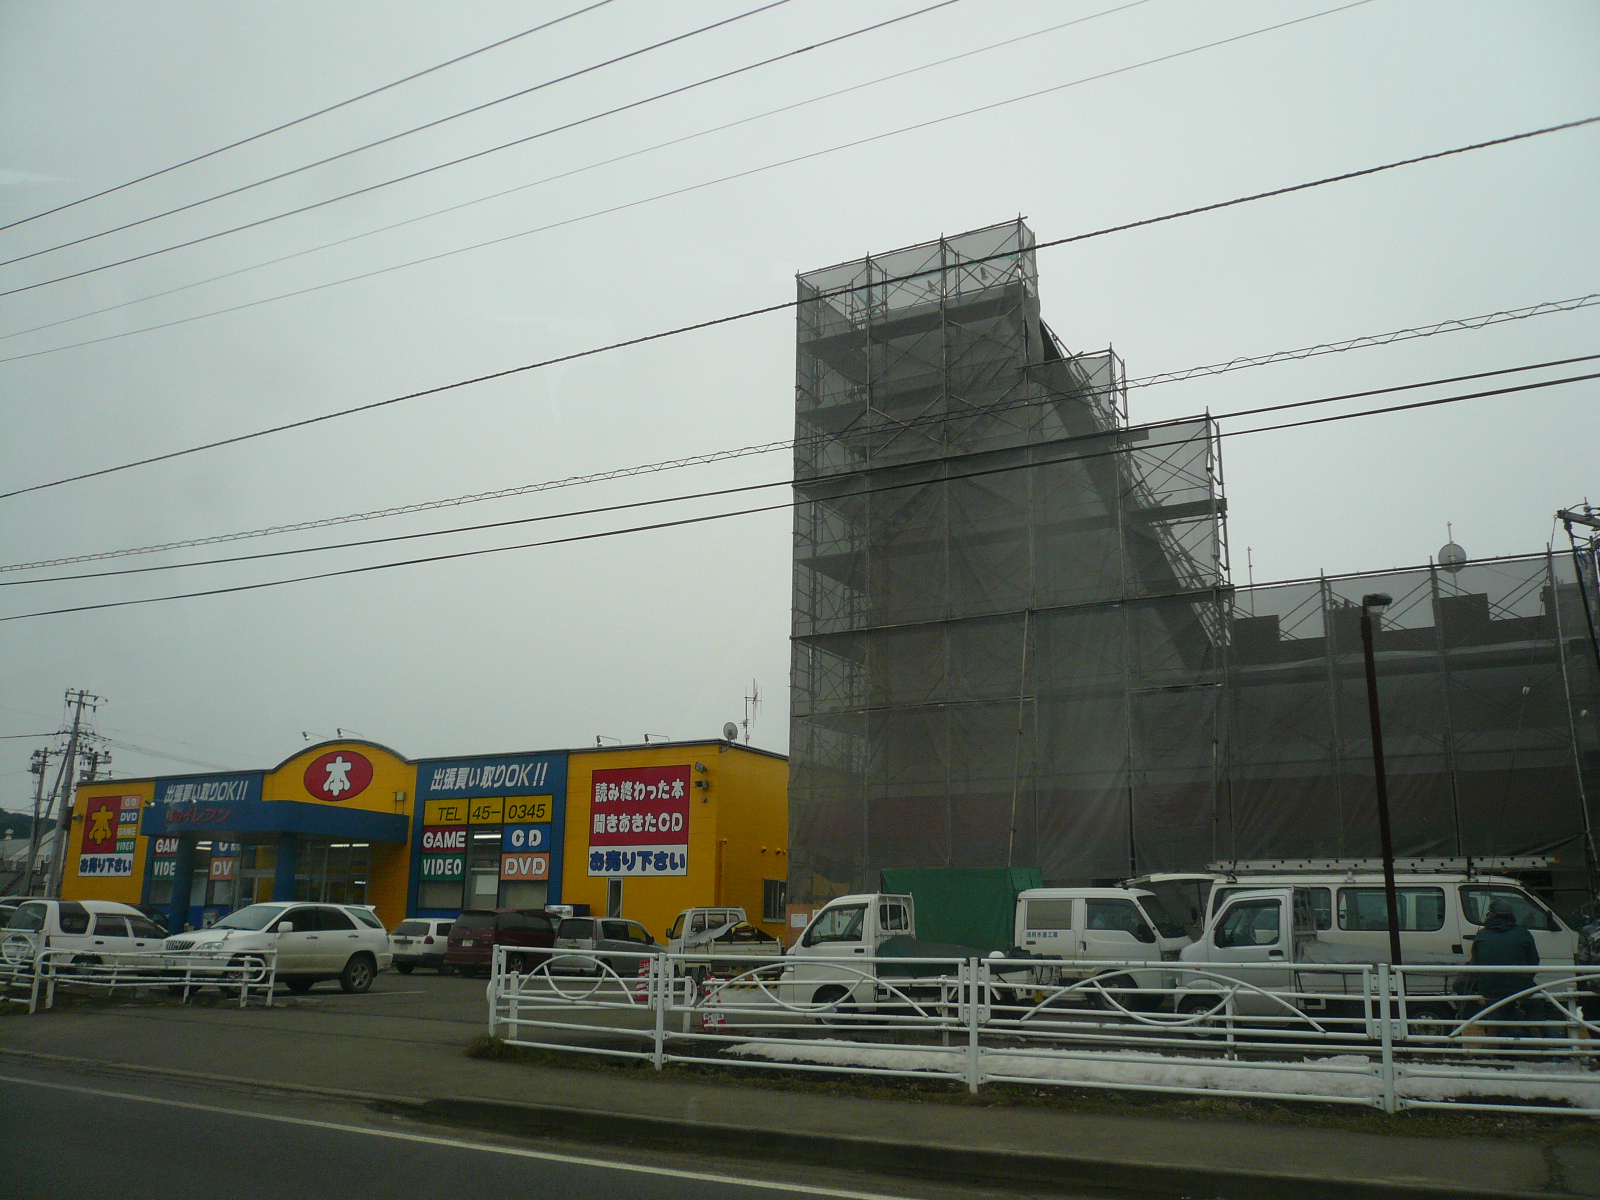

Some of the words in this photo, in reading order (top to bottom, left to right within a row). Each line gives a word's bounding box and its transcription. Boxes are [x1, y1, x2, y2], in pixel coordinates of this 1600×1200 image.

[594, 777, 685, 803] 読み終わった本
[120, 812, 137, 822] DVD
[438, 806, 462, 821] TEL
[508, 803, 546, 819] 0345
[117, 826, 137, 836] GAME
[593, 812, 683, 834] 聞きあきたCD
[116, 841, 135, 851] VIDEO
[155, 838, 179, 853] GAM
[422, 831, 467, 849] GAME
[511, 829, 542, 847] CD
[79, 856, 132, 874] お売り下さい
[154, 861, 176, 876] VIDE
[212, 860, 233, 876] DV
[423, 858, 462, 876] VIDEO
[504, 856, 546, 876] DVD
[589, 849, 686, 872] お売り下さい

○ ○ ○ ○ ○ ○ ○

The response should repeat each record precisely and contain no pictures.

# WRITTEN RESPONSE:
Some of the words in this photo, in reading order (top to bottom, left to right within a row). Each line gives a word's bounding box and its transcription. Boxes are [x1, y1, x2, y2], in pixel coordinates of this 1600×1200 image.

[594, 777, 685, 803] 読み終わった本
[120, 812, 137, 822] DVD
[438, 806, 462, 821] TEL
[508, 803, 546, 819] 0345
[117, 826, 137, 836] GAME
[593, 812, 683, 834] 聞きあきたCD
[116, 841, 135, 851] VIDEO
[155, 838, 179, 853] GAM
[422, 831, 467, 849] GAME
[511, 829, 542, 847] CD
[79, 856, 132, 874] お売り下さい
[154, 861, 176, 876] VIDE
[212, 860, 233, 876] DV
[423, 858, 462, 876] VIDEO
[504, 856, 546, 876] DVD
[589, 849, 686, 872] お売り下さい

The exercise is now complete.